“Interpretation services are vital for ensuring fair access to justice. Yet when the Ministry of Justice set out to establish a new centralised system for supplying interpreters to the justice system, almost everything that could go wrong did go wrong.
The Ministry awarded the contract to a company, ALS, that was clearly incapable of delivering. The Ministry had been warned that ALS was too small to shoulder a contract worth more than £1 million, but went ahead and handed them an annual £42 million contract covering the whole country.
The Ministry did not understand its own basic requirements, such as how many interpreters it needed or in what languages.
And it ignored the views of interpreters, who were clear that they had serious concerns about the contract and were adamant that they would not work for ALS.
Capita took over ALS in late 2011. They had no hope of recruiting enough qualified interpreters in time to start the service. The Ministry needed access to 1,200 interpreters when the contract went live; the company had only 280 properly assessed interpreters willing to work for it.

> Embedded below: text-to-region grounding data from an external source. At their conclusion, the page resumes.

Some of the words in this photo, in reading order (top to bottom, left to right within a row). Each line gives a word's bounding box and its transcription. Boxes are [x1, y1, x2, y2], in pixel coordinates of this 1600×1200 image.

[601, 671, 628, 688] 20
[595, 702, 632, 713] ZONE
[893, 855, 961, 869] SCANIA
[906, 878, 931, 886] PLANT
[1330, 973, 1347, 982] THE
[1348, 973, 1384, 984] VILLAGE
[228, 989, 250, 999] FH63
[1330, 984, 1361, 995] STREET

Matters became even worse when the Ministry decided that the new service would go live nationally in one go. Many of the ‘interpreters’ it thought were available had simply registered an interest on the company’s website and had been subject to no official checks that they had the required skills and experience. Indeed, we heard that some names were fictitious and one person had even successfully registered their pet dog.

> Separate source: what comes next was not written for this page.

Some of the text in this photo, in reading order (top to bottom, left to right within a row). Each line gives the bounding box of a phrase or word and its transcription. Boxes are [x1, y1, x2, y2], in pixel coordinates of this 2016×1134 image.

As a result, the company was able to meet only 58% of bookings against a target of 98%.
The result was total chaos. Court officials have had to scramble to find qualified interpreters at short notice; there has been a sharp rise in delayed, postponed and abandoned trials; individuals have been kept on remand solely because no interpreter was available; and the quality of interpreters has at times been appalling.
Despite this, the Ministry has only penalized the supplier a risible £2,200.
This is an object-lesson in how not to contract out a public service.”